→ **REQUIRED WORK**
Each record that follows should be repeated exactly, minus any images.

╔══

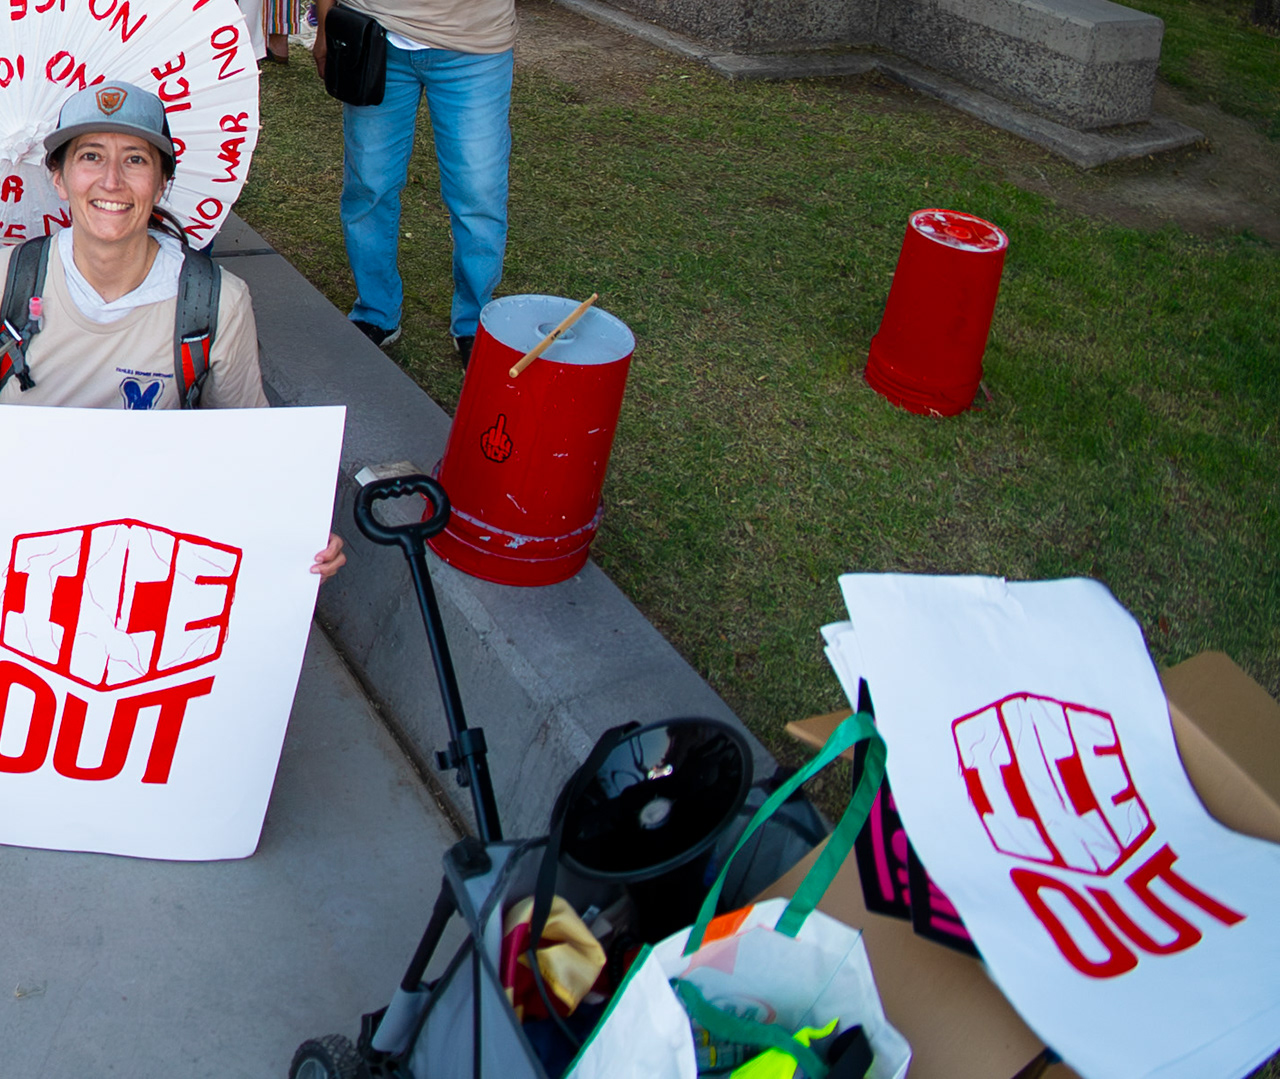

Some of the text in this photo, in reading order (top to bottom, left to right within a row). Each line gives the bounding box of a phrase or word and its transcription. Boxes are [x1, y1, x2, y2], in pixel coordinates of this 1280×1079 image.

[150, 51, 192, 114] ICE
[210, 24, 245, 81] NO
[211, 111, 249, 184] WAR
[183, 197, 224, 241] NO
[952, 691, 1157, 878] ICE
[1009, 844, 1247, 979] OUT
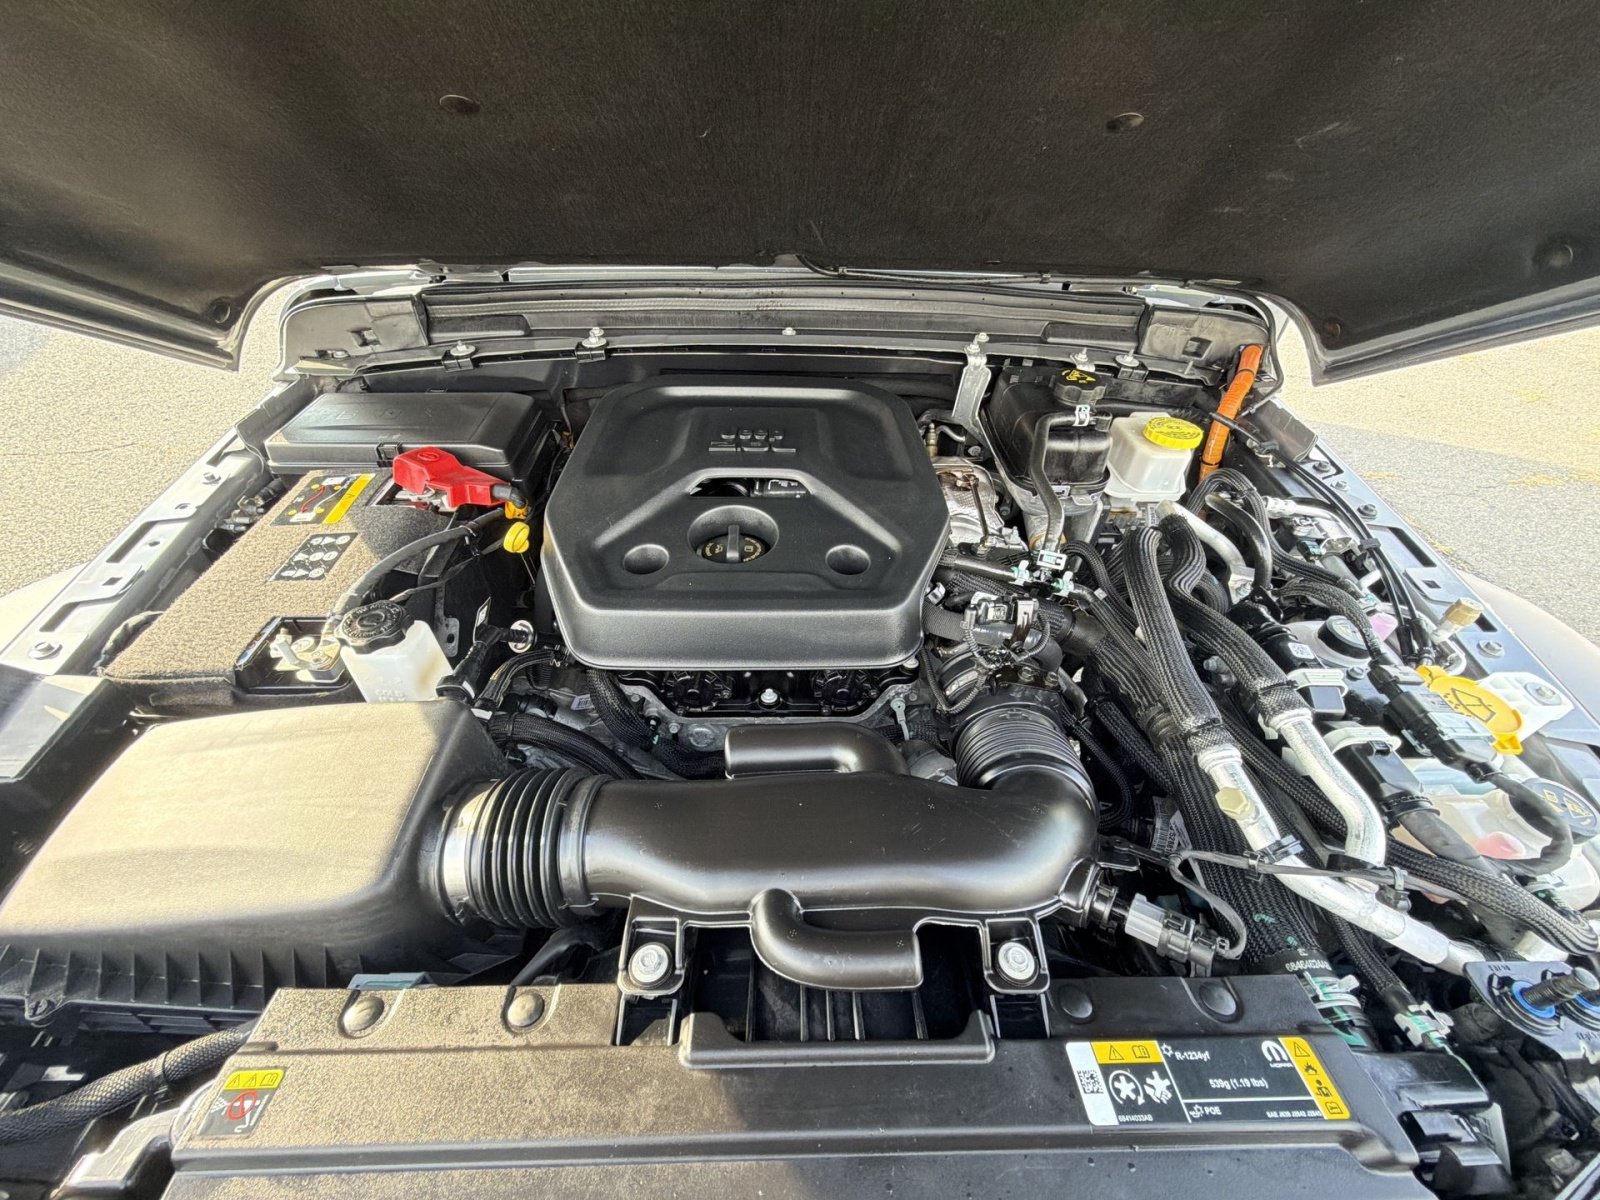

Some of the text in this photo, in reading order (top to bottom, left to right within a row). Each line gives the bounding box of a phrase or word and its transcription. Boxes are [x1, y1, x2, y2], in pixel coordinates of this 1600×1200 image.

╚══

→ **ANSWER TO THE PROBLEM**
Some of the text in this photo, in reading order (top to bottom, left to right within a row). Each line gives the bounding box of a phrase or word and its transcription. Boxes are [x1, y1, x2, y2], in pixel coordinates of this 1280×1079 image.

[150, 51, 192, 114] ICE
[210, 24, 245, 81] NO
[211, 111, 249, 184] WAR
[183, 197, 224, 241] NO
[952, 691, 1157, 878] ICE
[1009, 844, 1247, 979] OUT

Some of the text in this photo, in reading order (top to bottom, left to right within a row). Each line gives the bounding box of a phrase or word and its transcription. Boxes are [x1, y1, x2, y2], in pixel coordinates of this 1600×1200 image.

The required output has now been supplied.